The reality? Nobody in my family likes tree-decorating. I don’t bake. We live in the middle of nowhere and no one would see the lights anyway. Also, I don’t own a tall ladder.

But it’s funny, my need to overcompensate for sucky Christmases past. There was the Christmas when Jonah was 5 and his grandparents had tickets to take him to “Disney on Ice: Frozen and Friends.” He developed a severe corneal abrasion and had to go to the show with one eye patched and in debilitating pain.

There was Christmas 2020, when he woke up with an excruciating wound in such a terrible place that he could barely enjoy the day.

And, of course, there was last year, which we should just refer to as “the Christmas that should not be named.” I don’t have one picture of him from last year where he’s showing his face. He’s either turned away from the camera or covering his face with his hand because of the state of his mouth and lips. It was heartbreaking.

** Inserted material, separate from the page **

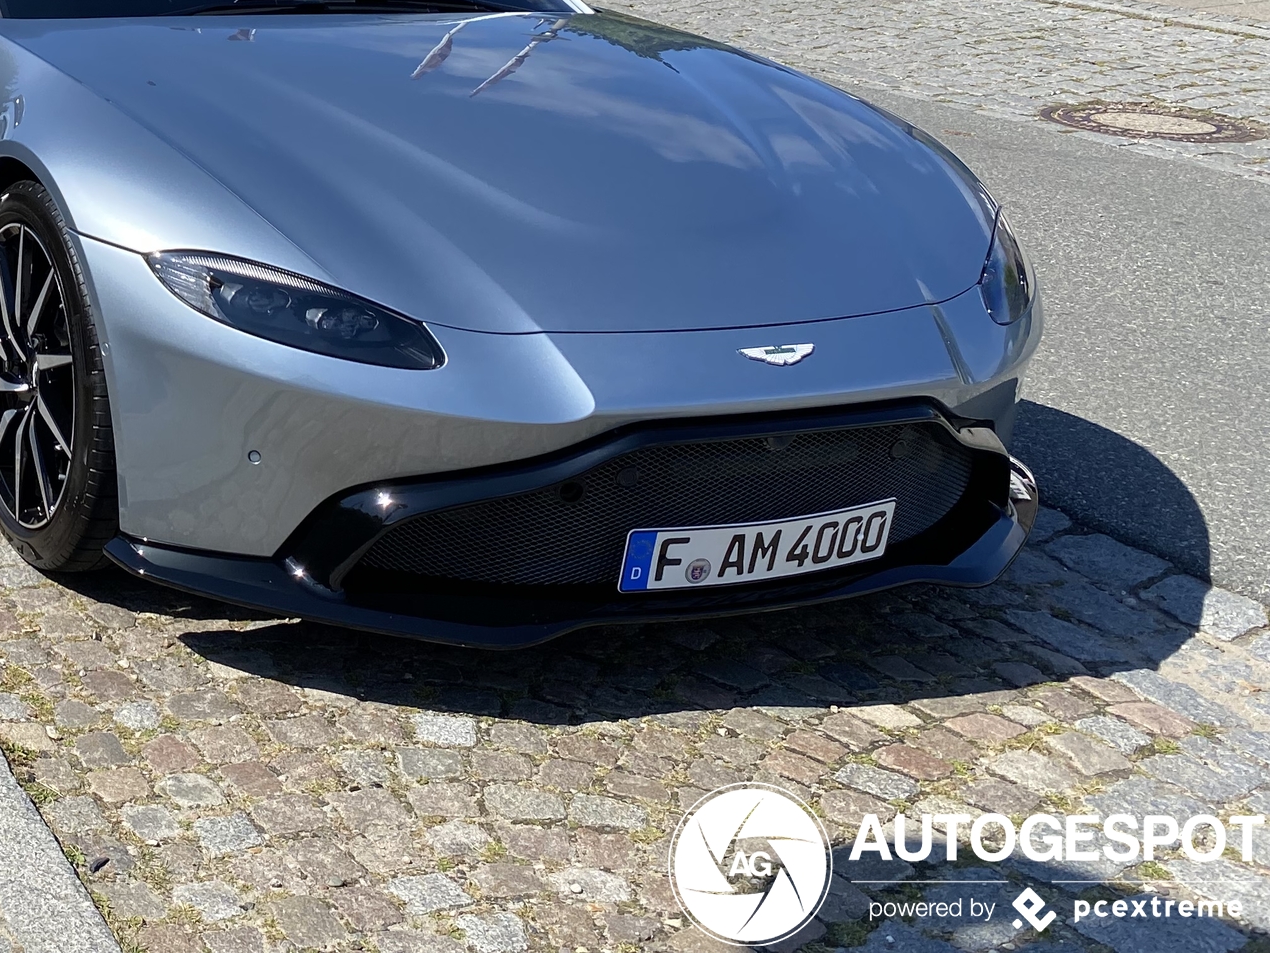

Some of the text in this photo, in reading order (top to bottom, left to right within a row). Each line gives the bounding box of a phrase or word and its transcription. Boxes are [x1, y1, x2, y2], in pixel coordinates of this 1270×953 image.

[654, 510, 887, 582] F AM 4000
[630, 566, 642, 580] D

A young boy with epidermolysis bullosa smiles in the audience at "Disney on Ice: Frozen and Friends" in 2014. He's covering his right eye with his hand, as it's bandaged up due to a corneal abrasion.

Jonah, 5, attempts to smile and enjoy “Disney on Ice,” despite a corneal abrasion, in December 2014. (Courtesy of Patrice Williams)

But this year, there’ll be no moving and no surgeries. Odds are that Jonah won’t get a corneal abrasion or wake up with a horrid wound. Anybody want to pray, rub a rabbit’s foot, or cross their fingers that we might get a normal holiday?

Of course, epidermolysis bullosa can rob you of joy at a moment’s notice. There’s no predicting how it might ravage your life on any given day. Things can be fine one minute and become disastrous the next. You can wake up with a painfully blistered cornea and have to spend the day in the dark. You can slip and fall and sheer all the skin off of your face or hands. You can wake up with blisters in your mouth or on your tongue that prevent you from eating, smiling, or even talking.

But this year, I’m speaking a happy holiday into existence. I’m manifesting all the joy. Whether my family likes it or not, Alexa will be playing all the Christmas carols. There will be baking and cookie decorating. I might even pull out the gingerbread village that’s still in the box from our move last year. We will put up and decorate two trees, and we’ll like it, goshdangit.

In the words of Clark Griswold, “We’re going to have the hap-hap-happiest Christmas since Bing Crosby tap danced with Danny [expletive] Kaye.”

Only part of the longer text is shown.